設立母体企業的な船井電機の倒産(破産)で船井財団の海外留学奨学金が打ち切りになることへの心配の声があります。
ので、懸念点が該当するか調べてみました。
主な懸念点としては、
①設立母体企業等から毎年、奨学金事業費を受け取っていて、倒産により今後の寄付金がゼロになると奨学金支給原資が無くなるのではないか?
②財団の基金で船井電機の株・社債を買っていないか?
船井財団のHPを調べてみると、
上記①に関しては、
財団保有資産が113億円で、年間の利息・分配金収入が3億円、支出が4億円。年間1億円の赤字ですが、今後の寄付金が無くなっても、当面は十分に運営できる基金を財団自らが保有しています。
毎年の寄付金受け入れにより運営されている柳井財団とは異なり、設立母体に頼らない財政基盤が構築されています。
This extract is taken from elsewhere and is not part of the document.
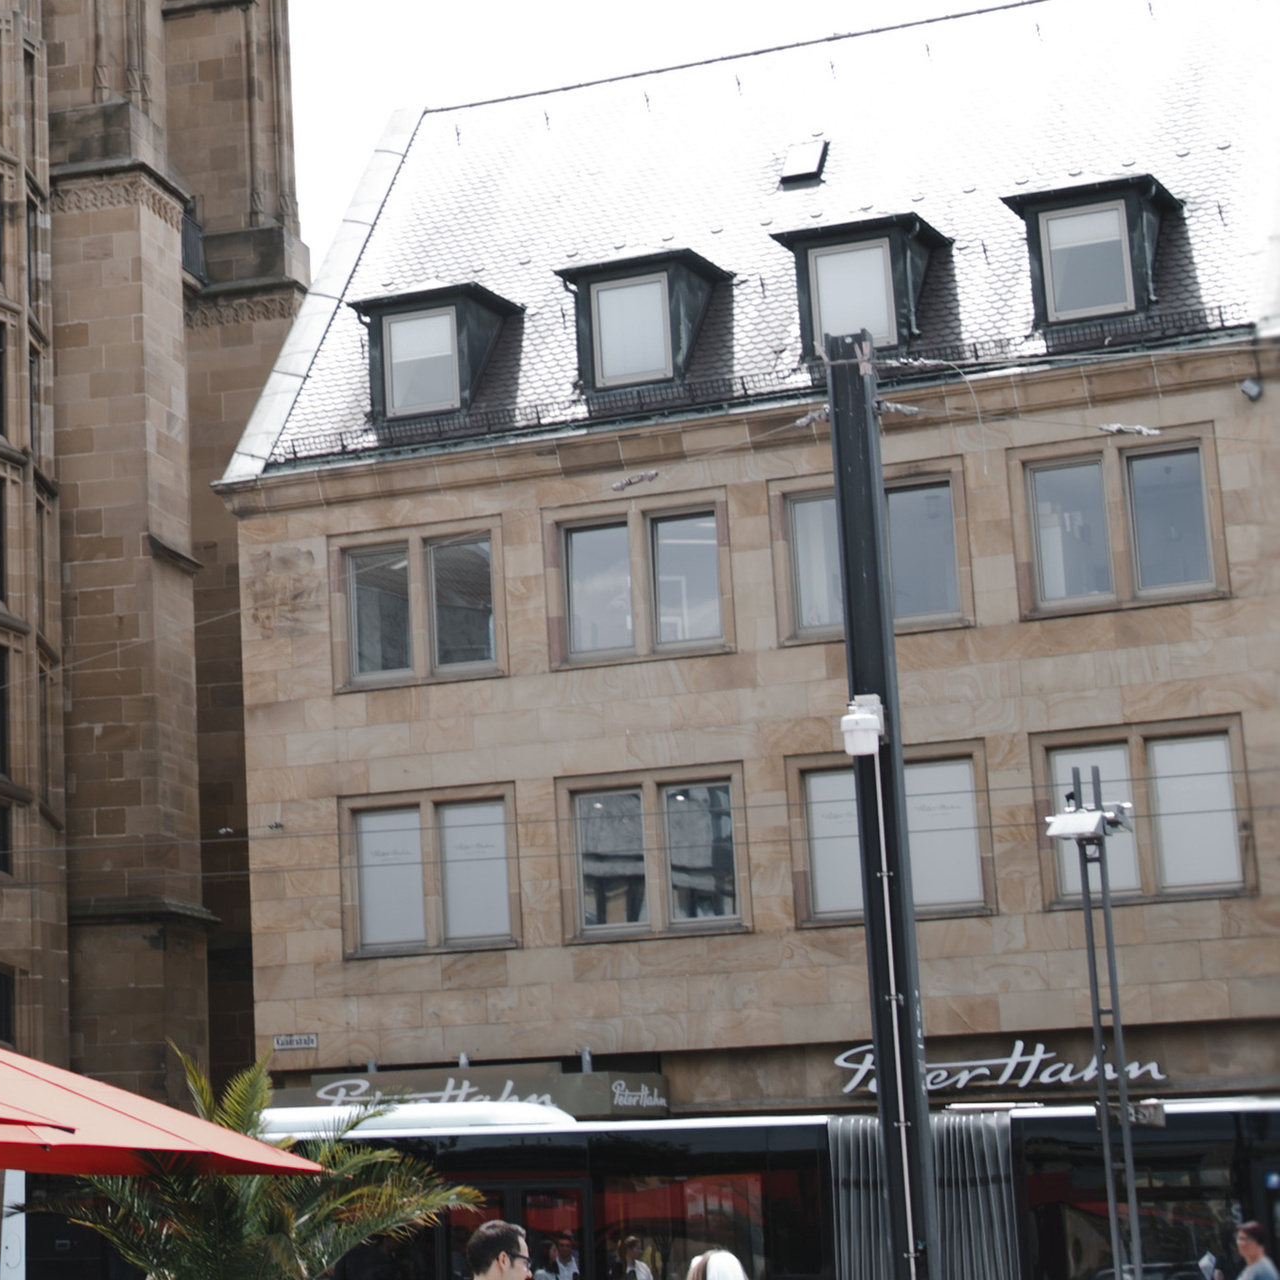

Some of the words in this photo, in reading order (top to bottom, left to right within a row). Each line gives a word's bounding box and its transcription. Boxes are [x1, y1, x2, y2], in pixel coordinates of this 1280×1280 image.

[834, 1044, 991, 1093] Per
[611, 1080, 640, 1106] Peter
[640, 1083, 668, 1108] Hahn
また、基金の目的外使用も法律により禁止されていますので、母体企業の倒産による借金返済などに充てることも、(法律違反などの相当な不正行為が行われない限り)、不可能です。
上記②に関しては、保有金額大きい順で
米国高配当株ETF、S&P500ETF、米5年国債・・・となっており、自社株買いみたいな個別株に手を出している気配はありません。
イギリス国債もありますが、米ETFと米国債が中心で、円安を予見していたかのような素晴らしいファンドマネジメントです!
支出が米国の授業料や生活費なので、足をあわせておくのは金融のプロには定番の考えだとは思いますが、タコつぼな運営になりがちなイチ公益法人がキチンと実行できているのはガバナンスに信頼がおけます。
安心して、学業等に励むことができそうです。